Byron power plant in danger of shutting down
Exelon filed paperwork last week with grid operator PJM Interconnection to deactivate the plant’s two cooling towers
BYRON, Ill. (WIFR) - The Byron Nuclear Plant took one more step towards closure as paperwork was filed for a shutdown in less than three months.
In 2020, Exelon announced it planned to close its Byron and Dresden nuclear power plants because of a drop in revenue and energy costs. Then on June 16, Exelon filed papers with grid operator PJM Interconnection to deactivate one cooling tower on September 14 and the other September 16.
Last week, Illinois Governor J.B. Pritzker said the House and Senate could pass a new clean energy bill in the next few weeks, but only if the bill includes meaningful decarbonization measures and moves us toward a clean energy economy.
“When my girls were little we used to look over at the new plant and they would say it was the titanic because it looked like big smoke stacks,” said Laurie Haub.
Haub’s kids view the nuclear power plant in Byron as something special as identified by the steam and water vapor coming from the cooling towers. But those identifying markers could soon disappear.

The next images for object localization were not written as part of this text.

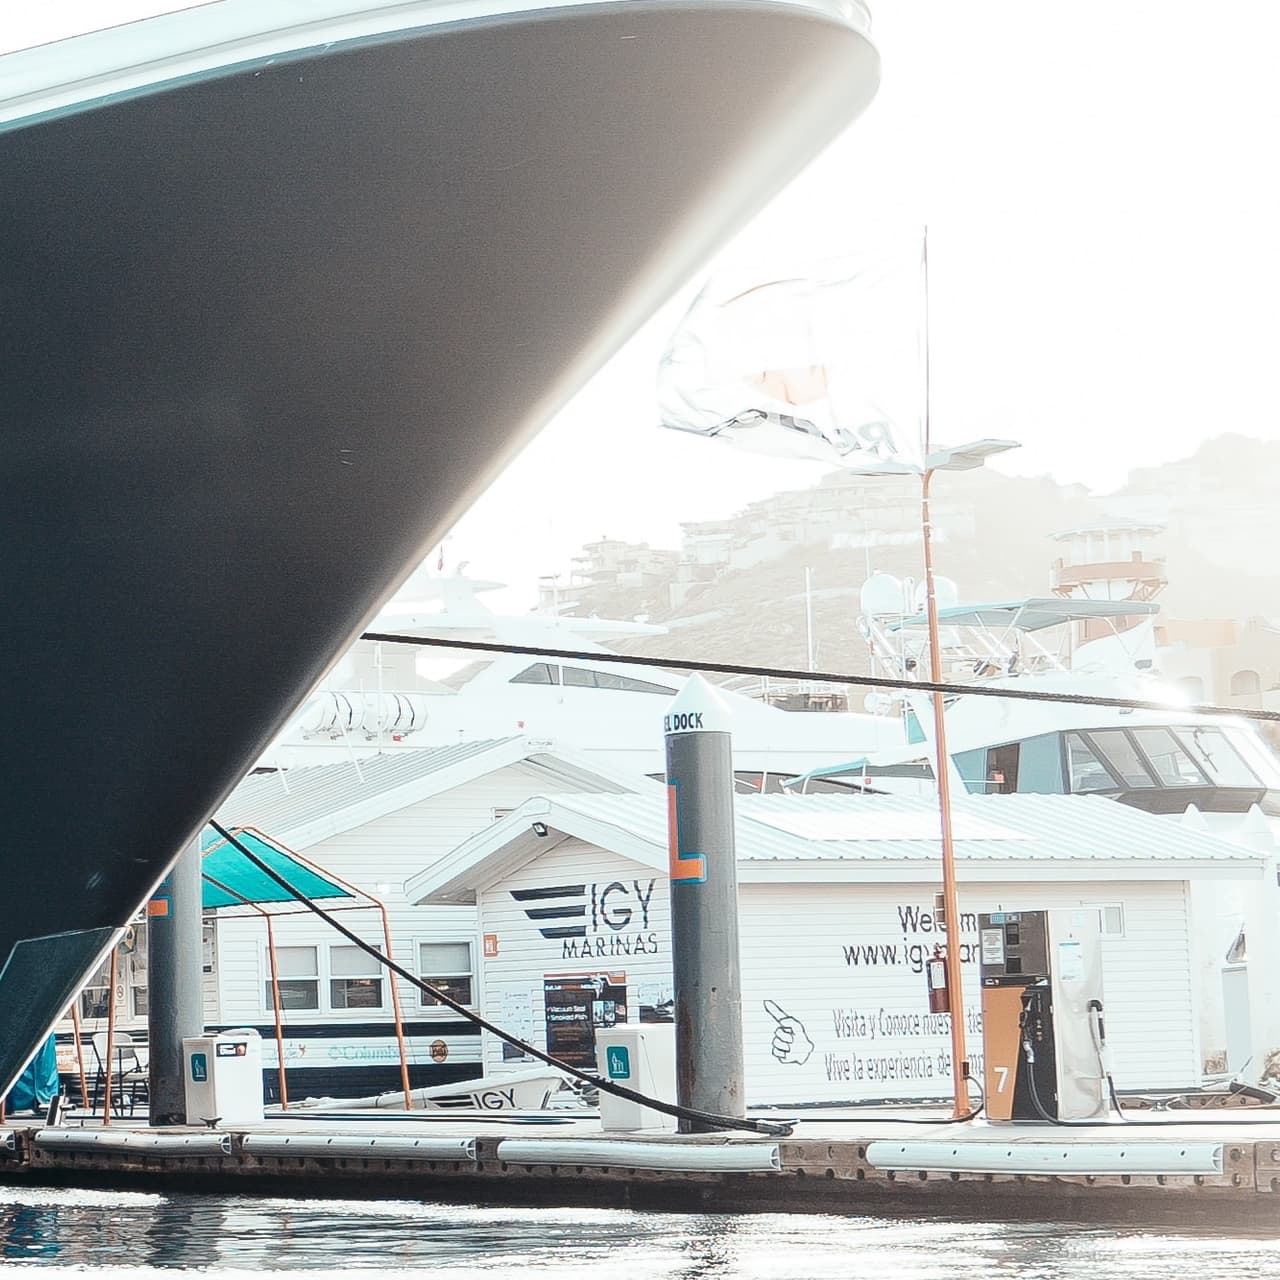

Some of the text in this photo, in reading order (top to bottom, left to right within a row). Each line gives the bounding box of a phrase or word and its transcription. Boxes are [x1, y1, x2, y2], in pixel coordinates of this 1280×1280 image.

[674, 712, 704, 731] DOCK
[592, 878, 656, 932] IGY
[898, 906, 977, 933] Welm
[562, 933, 658, 959] MARINAS
[843, 937, 980, 973] www.igar
[833, 1008, 867, 1038] Visita
[870, 1014, 876, 1040] y
[880, 1008, 920, 1036] Conoce
[923, 1013, 952, 1036] nues
[824, 1052, 850, 1081] Vive
[853, 1052, 864, 1080] la
[867, 1051, 933, 1083] experiencia
[992, 1066, 1009, 1093] 7
[474, 1088, 516, 1110] IGY

“It’s going to be terrible. I don’t know how we are going to able to support all the people. we will. we’ll work together and support the families and help them as much as we can. I know there’s a lot of hard working people that work at those facilities and they need to keep those open so they can stay there,” said Haub.
Despite no bill at the moment, state lawmakers say they can pass an energy bill that will keep the plant open.
“We’ve continued to make good progress on this. over the course of the spring negotiations it was characterized that the nuclear piece was the one point of discrepancy,” said Representative Tom Demmer (R), 90th District.
“it would not only be devastating to Byron, but to the whole region Byron is a flagship and it’s been here a long time giving cheap clean energy to the area,” said Representative Dave Vella (D), 68th District.
In case the passing of a new bill doesn’t happen, Exelon must move forward with the shutdown. While the plant is in danger of retiring, Haub is optimistic something can get done before it’s too late.
“I stand very very positive and encourage the people I know who work there to just hang in there, keep working hard, have good faith,” said Haub.
The plant began construction in 1975 and the first tower was available for service in 1985, followed by the second cooling tower in 1987. Since then, the plant has helped more than 2.3 million homes and employs about 1,500 people.